Rating: 5 Summary: More then chicklit in a hajib
Comment Who among those of us in the West would have thought that four women in Saudi Arabia could go through so many of the same things that we do. Dreaming of the right guy, heartbreak and romance, professional aspirations. It's all in this extremely well written and highly enjoyable first book by a young dental student named Rajaa Alsanea. Written in the form of a weekly email to a listserv group, we become highly acquainted with this foursome, childhood friends from the upper class of Riyadh. Each woman is unique, and you'll soon become friends with each of them.

Thank you, Rajaa, for your ability to transform women whom we often perceive as merely burka-bound beings into real human, feeling women! Hopefully, there will be time within your professional demands to either revisit these same women's lives, or delight us with a completely new story. But please keep writing!
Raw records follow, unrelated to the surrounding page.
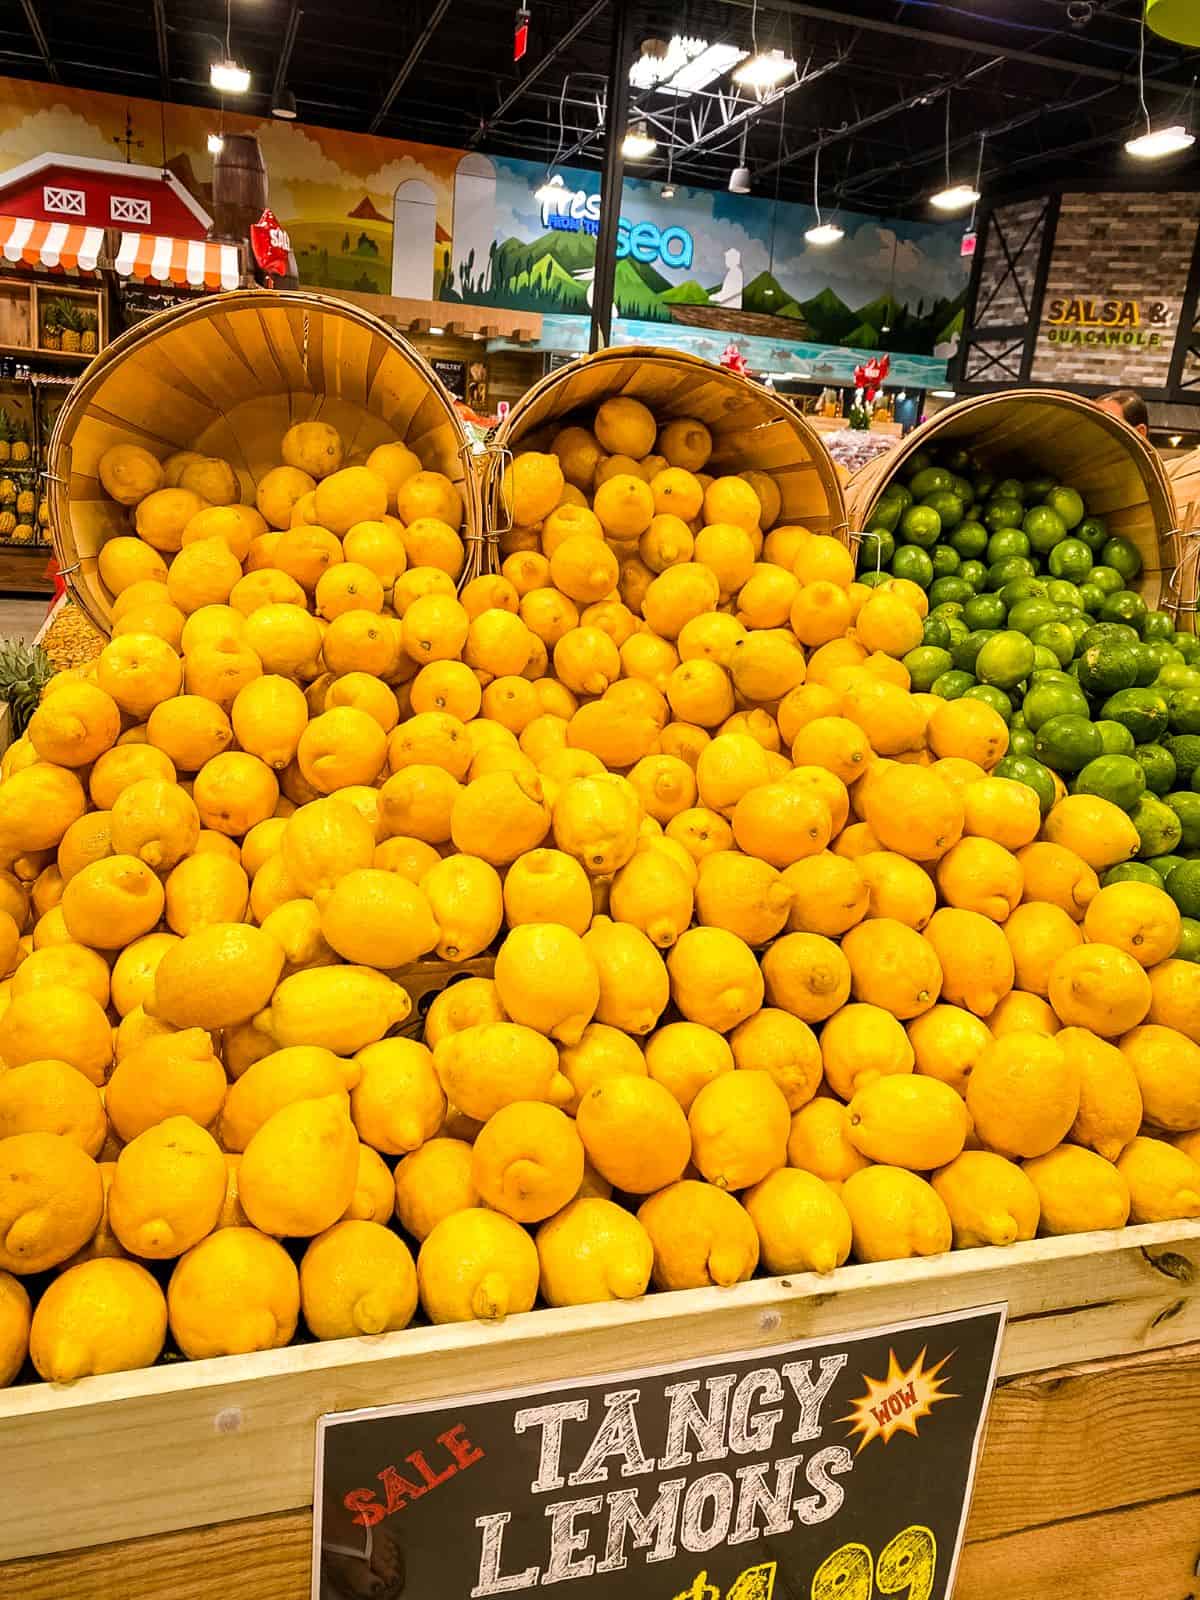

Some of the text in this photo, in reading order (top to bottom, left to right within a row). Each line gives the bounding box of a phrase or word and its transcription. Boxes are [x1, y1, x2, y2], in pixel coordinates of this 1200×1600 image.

[541, 175, 601, 227] fres
[581, 218, 600, 235] TH
[616, 216, 694, 269] sea
[1047, 329, 1161, 346] GUACAMOLE
[1048, 298, 1173, 327] SALSA &
[514, 1353, 848, 1493] TANGY
[869, 1381, 918, 1426] WOW
[343, 1423, 485, 1526] SALE
[470, 1445, 854, 1598] LEMONS
Rating: 4 Summary: author succeeds in her mission
Comment I just finished a marathon of new novels from the "the Middle East" and finished up with this bonbon, a sweet dessert to follow the grim, rich, complex, high faluting Wolves of the Crescent Moon, and Snow, the tragic epic of A Thousand Splendid Suns,and so on. Coming down off of these fine "socially responsible" books, which tackle poverty and class, identity, good vs evil, faith, massive cultural schisms, the acute sufferings of average women, along with the other usual big existential questions was like coming down off Conrad, Dickens, Bronte, Atwood and Hardy to relax and enjoy an unpreachy Jane Austen.
"Girls" is a narrow often comic, fluffy - and yet somewhat moving - "chick litty" story of the love lives of the wealthy and relatively coddled. Okay, it's "light", but it has its place in literature and I have deep admiration and respect for the courage of the author to write it (it is censored in Saudi Arabia and the author has to put up with severe and probably scary condemnation by those who think a woman's inner private life should not ever be revealed). No, of course there are not graphic sex scenes so it might make you impatient, but remember to even allude in writing to the fact that men and women have sex or that a boy might be gay is forbidden.
. And I kept thinking (as a western reader who knows a lot of Saudi women and men but only as visitors to the USA), "you go, girl! Blow away the stereotypes!". To educate the ignorant world about the contemporary inner lives and daily life-truths of Saudi women was a goal of the author, as she writes in her forward. I think she succeeds within the confines of her novel in showing the diverse personalities, neuroses, dreams and fears of real women, in that range of the young, educated, hip and rich, rich rich.
I must confess, however, that if I were Saudi and read this I would be bored, and if it were the same women but Americans and living say, in Seattle or Manhattan I'd be bored by their stories, just as I yawned at Sex in the City. So...that means the charm of this novel, for me, was learning and opening my mind about culture, rather than its literary merits. (I don't read "chick lit" normally, not because I am misogynist, but..well I go for the deep stuff). I know this gifted, brave author is perfectly capably of writing in deeper genres and could write thrillers and so on, if she chooses.
A few of my favorite scenes: Men naughtily rushing into the women's section of a wedding before it is allowed, frantically "recording female faces and bodies on the hard drives of their memory banks" as sexily clad women scramble to cover themselves with any kind of cloth available - including a table cloth. Or the scenes aboard jets on their way to Europe or America, with Saudi women (and men) rushing to the bathrooms the second they have left the boundaries of the kingdom to change into western attire (and in reverse, on the way home). As my husband says, "it's like a job interview!". And another scene, of a tender-hearted gentle male lover who respects and adores women (or at least, the one he is in love with). And I love the ravishing romantic Arab poetry before each chapter.
I put "Girls" in the ranks with Zaatar Days, Henna Nights: Adventures, Dreams, and Destinations Across the Middle East, as a good book written from the authentic, female perspective, and an entertaining cheery way to dash expectations and misconceptions about the living modern women - and men - of the Middle East.
And now, after the breather, back to the grim high brow tragedies.
~ by Lesley Thomas, author of arctic novel Flight of the Goose

Rating: 1 Summary: Uninteresting, disappointing
Comment I read the first 50 pages or so and then started skimming. The translation was frequently awkward and I found it impossible to connect with, or maintain an interest in, the characters. The book was also boring and centered around the usual blah-blah that apparently should interest all women: cheating, dishonest men, bad marriages, betrayals and conniving family.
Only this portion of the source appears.